▶ _Problem details_
The response should be a faithful copy of every record, with nothing left out.

### Supplied data ###

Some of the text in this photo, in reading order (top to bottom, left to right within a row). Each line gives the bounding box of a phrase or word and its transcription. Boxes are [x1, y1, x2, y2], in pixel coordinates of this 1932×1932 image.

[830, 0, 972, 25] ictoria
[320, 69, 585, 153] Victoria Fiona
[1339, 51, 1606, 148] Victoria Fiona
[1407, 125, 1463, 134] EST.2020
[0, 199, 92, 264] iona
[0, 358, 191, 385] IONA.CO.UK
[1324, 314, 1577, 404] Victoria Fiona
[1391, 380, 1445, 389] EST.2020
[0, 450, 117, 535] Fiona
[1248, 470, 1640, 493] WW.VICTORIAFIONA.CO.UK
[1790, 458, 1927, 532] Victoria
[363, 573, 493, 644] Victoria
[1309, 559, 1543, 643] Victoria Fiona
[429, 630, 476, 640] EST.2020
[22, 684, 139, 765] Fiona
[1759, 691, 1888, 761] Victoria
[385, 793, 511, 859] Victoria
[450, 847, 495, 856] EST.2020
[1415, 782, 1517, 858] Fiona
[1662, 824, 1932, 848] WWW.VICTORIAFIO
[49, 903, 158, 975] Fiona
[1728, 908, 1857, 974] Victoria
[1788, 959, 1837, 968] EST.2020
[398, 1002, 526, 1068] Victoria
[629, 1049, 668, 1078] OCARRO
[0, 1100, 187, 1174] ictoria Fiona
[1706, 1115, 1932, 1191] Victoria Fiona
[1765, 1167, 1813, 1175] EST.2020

###

▶ _Exercise solution_
Some of the text in this photo, in reading order (top to bottom, left to right within a row). Each line gives the bounding box of a phrase or word and its transcription. Boxes are [x1, y1, x2, y2], in pixel coordinates of this 1932×1932 image.

[830, 0, 972, 25] ictoria
[320, 69, 585, 153] Victoria Fiona
[1339, 51, 1606, 148] Victoria Fiona
[1407, 125, 1463, 134] EST.2020
[0, 199, 92, 264] iona
[0, 358, 191, 385] IONA.CO.UK
[1324, 314, 1577, 404] Victoria Fiona
[1391, 380, 1445, 389] EST.2020
[0, 450, 117, 535] Fiona
[1248, 470, 1640, 493] WW.VICTORIAFIONA.CO.UK
[1790, 458, 1927, 532] Victoria
[363, 573, 493, 644] Victoria
[1309, 559, 1543, 643] Victoria Fiona
[429, 630, 476, 640] EST.2020
[22, 684, 139, 765] Fiona
[1759, 691, 1888, 761] Victoria
[385, 793, 511, 859] Victoria
[450, 847, 495, 856] EST.2020
[1415, 782, 1517, 858] Fiona
[1662, 824, 1932, 848] WWW.VICTORIAFIO
[49, 903, 158, 975] Fiona
[1728, 908, 1857, 974] Victoria
[1788, 959, 1837, 968] EST.2020
[398, 1002, 526, 1068] Victoria
[629, 1049, 668, 1078] OCARRO
[0, 1100, 187, 1174] ictoria Fiona
[1706, 1115, 1932, 1191] Victoria Fiona
[1765, 1167, 1813, 1175] EST.2020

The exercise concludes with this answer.